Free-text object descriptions
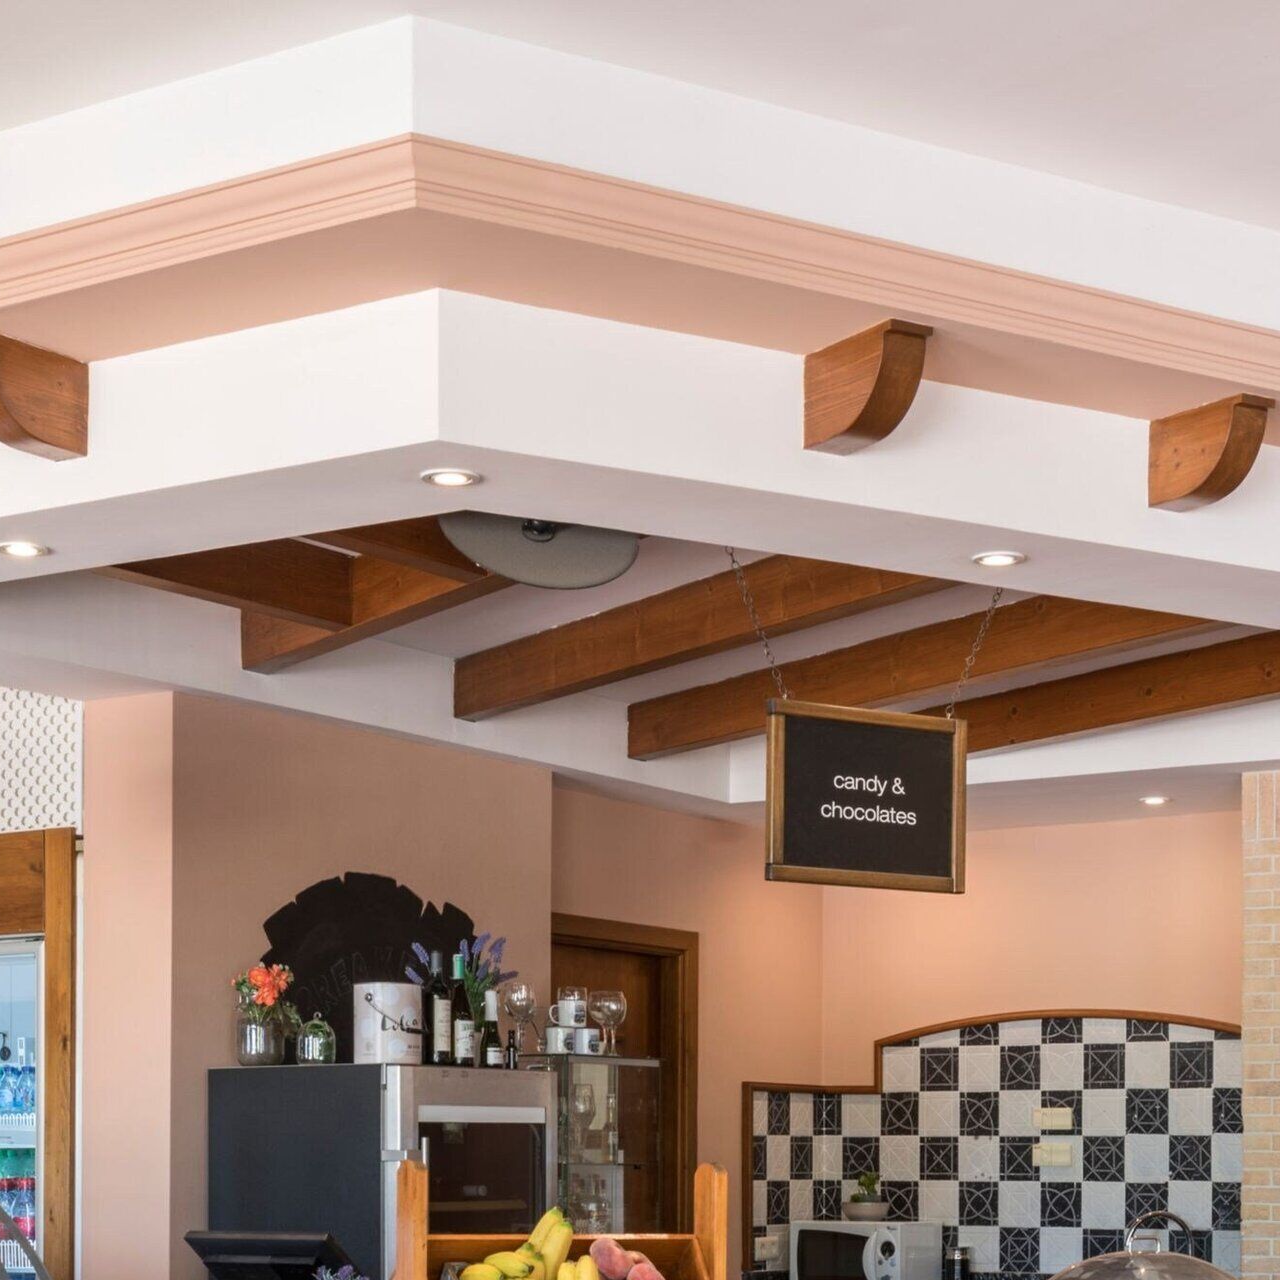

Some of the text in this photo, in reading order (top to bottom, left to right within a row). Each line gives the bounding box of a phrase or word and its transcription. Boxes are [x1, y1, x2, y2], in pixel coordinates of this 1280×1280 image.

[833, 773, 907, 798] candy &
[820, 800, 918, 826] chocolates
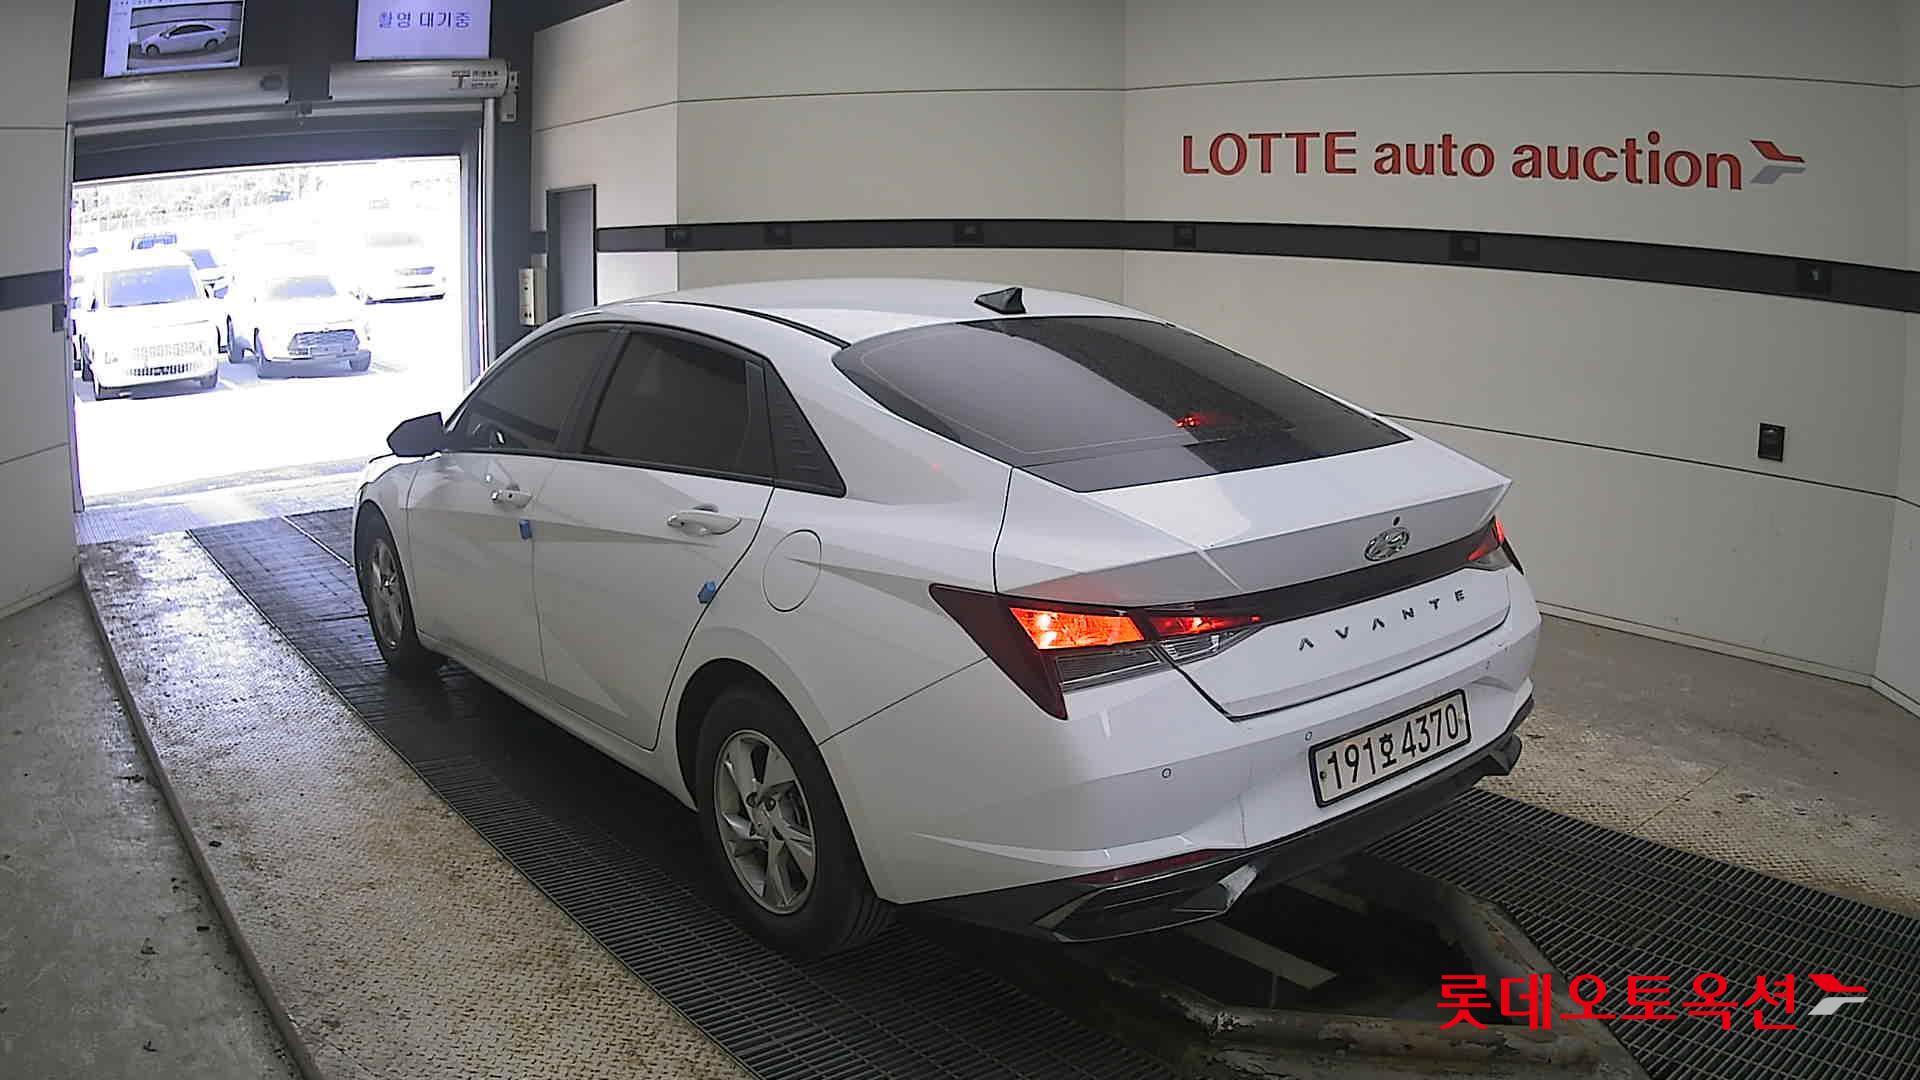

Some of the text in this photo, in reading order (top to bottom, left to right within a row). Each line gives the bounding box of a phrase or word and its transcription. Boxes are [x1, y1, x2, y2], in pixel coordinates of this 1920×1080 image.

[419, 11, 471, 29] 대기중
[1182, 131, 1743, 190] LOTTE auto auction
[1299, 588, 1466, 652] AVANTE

Task directions – All of the data above should be printed again exactly, though none of the pictures belong in the copy.

Exercise response –
Some of the text in this photo, in reading order (top to bottom, left to right within a row). Each line gives the bounding box of a phrase or word and its transcription. Boxes are [x1, y1, x2, y2], in pixel coordinates of this 1280×1280 image.

[833, 773, 907, 798] candy &
[820, 800, 918, 826] chocolates

Some of the text in this photo, in reading order (top to bottom, left to right within a row). Each line gives the bounding box of a phrase or word and its transcription. Boxes are [x1, y1, x2, y2], in pixel coordinates of this 1920×1080 image.

[419, 11, 471, 29] 대기중
[1182, 131, 1743, 190] LOTTE auto auction
[1299, 588, 1466, 652] AVANTE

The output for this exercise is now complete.